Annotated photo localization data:
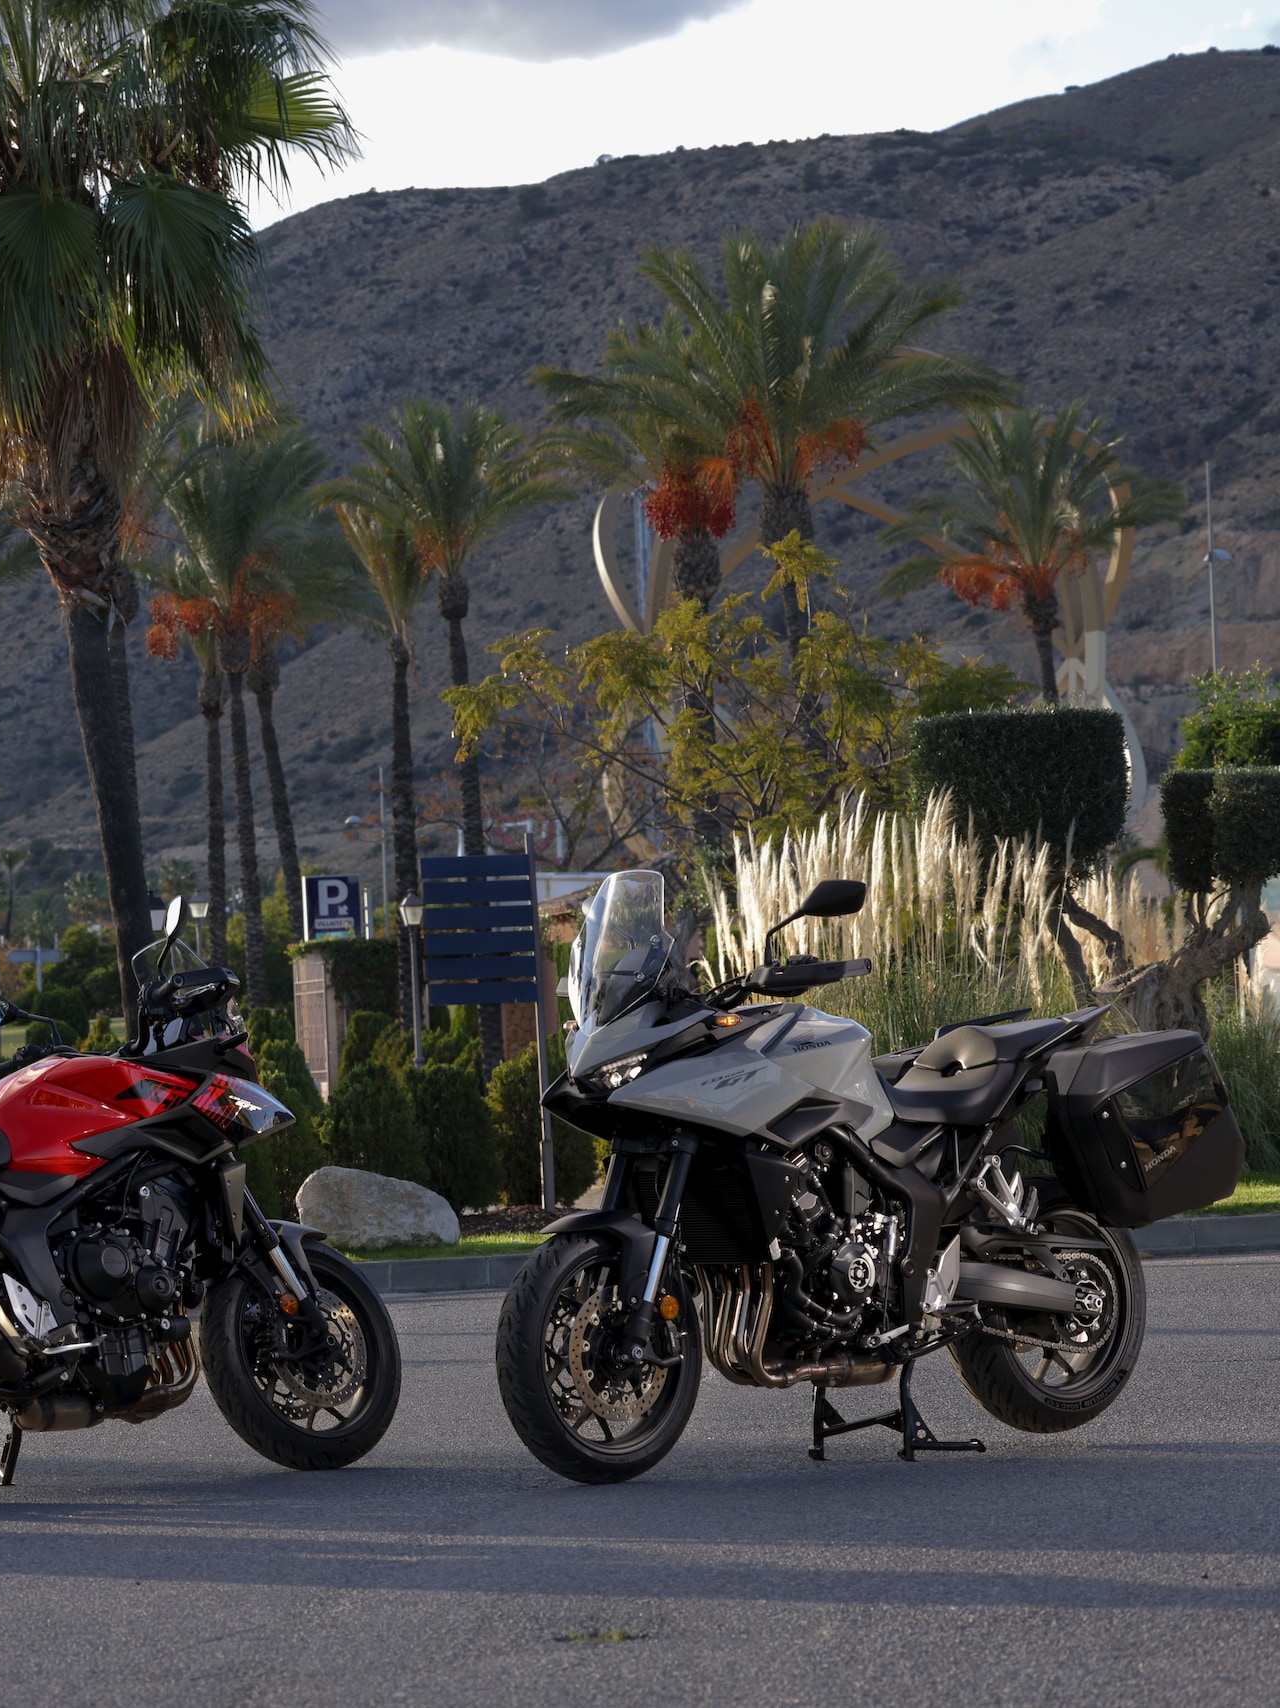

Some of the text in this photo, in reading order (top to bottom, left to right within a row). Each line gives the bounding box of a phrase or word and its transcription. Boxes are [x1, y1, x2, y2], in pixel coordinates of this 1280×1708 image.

[317, 879, 349, 916] P
[792, 1040, 832, 1053] HONDA
[1144, 1145, 1177, 1172] HONDA
[1083, 1380, 1117, 1407] MICHELIN
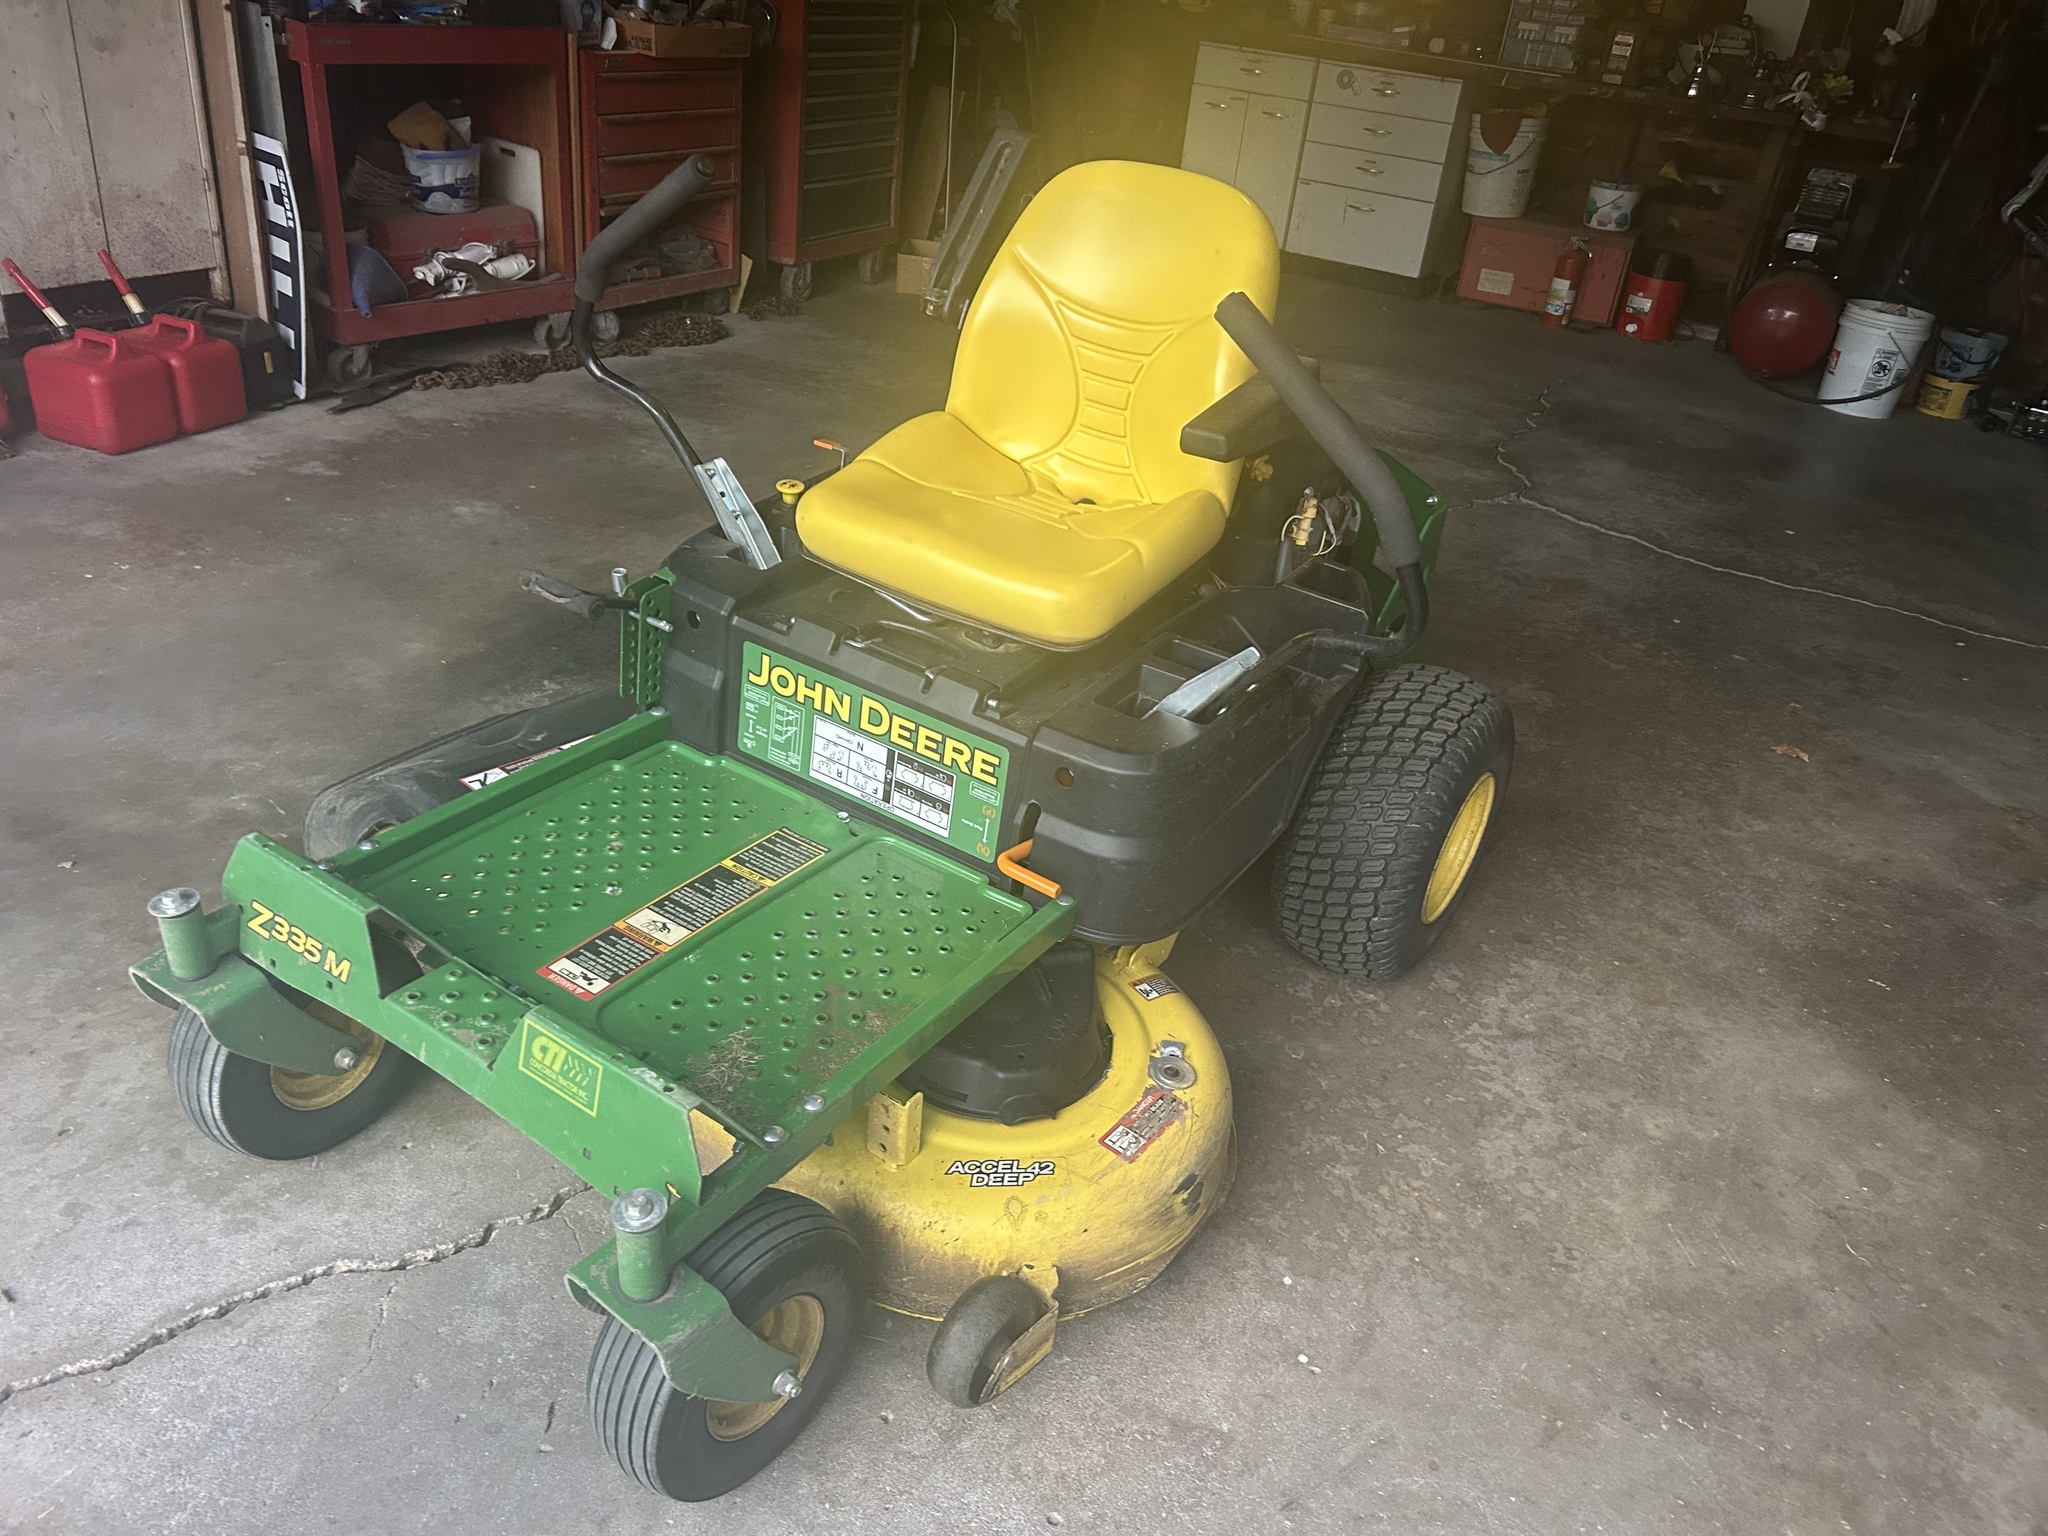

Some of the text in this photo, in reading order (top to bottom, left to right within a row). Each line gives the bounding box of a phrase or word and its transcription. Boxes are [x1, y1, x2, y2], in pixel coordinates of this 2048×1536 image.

[276, 167, 294, 228] Scott
[747, 652, 1001, 785] JOHN DEERE
[856, 740, 864, 751] N
[835, 767, 843, 779] R
[871, 786, 878, 796] F
[860, 792, 895, 813] OPERATION
[730, 863, 759, 878] CAUTION
[622, 925, 655, 943] WARNING
[547, 972, 578, 991] DANGER
[969, 1173, 1037, 1188] DEEP

WHAT YOU NEED TO DO - Pictures do not go in the copy; print every entry exactly as it stands.

EXERCISE RESPONSE -
Some of the text in this photo, in reading order (top to bottom, left to right within a row). Each line gives the bounding box of a phrase or word and its transcription. Boxes are [x1, y1, x2, y2], in pixel coordinates of this 1280×1708 image.

[317, 879, 349, 916] P
[792, 1040, 832, 1053] HONDA
[1144, 1145, 1177, 1172] HONDA
[1083, 1380, 1117, 1407] MICHELIN

Some of the text in this photo, in reading order (top to bottom, left to right within a row). Each line gives the bounding box of a phrase or word and its transcription. Boxes are [x1, y1, x2, y2], in pixel coordinates of this 2048×1536 image.

[276, 167, 294, 228] Scott
[747, 652, 1001, 785] JOHN DEERE
[856, 740, 864, 751] N
[835, 767, 843, 779] R
[871, 786, 878, 796] F
[860, 792, 895, 813] OPERATION
[730, 863, 759, 878] CAUTION
[622, 925, 655, 943] WARNING
[547, 972, 578, 991] DANGER
[969, 1173, 1037, 1188] DEEP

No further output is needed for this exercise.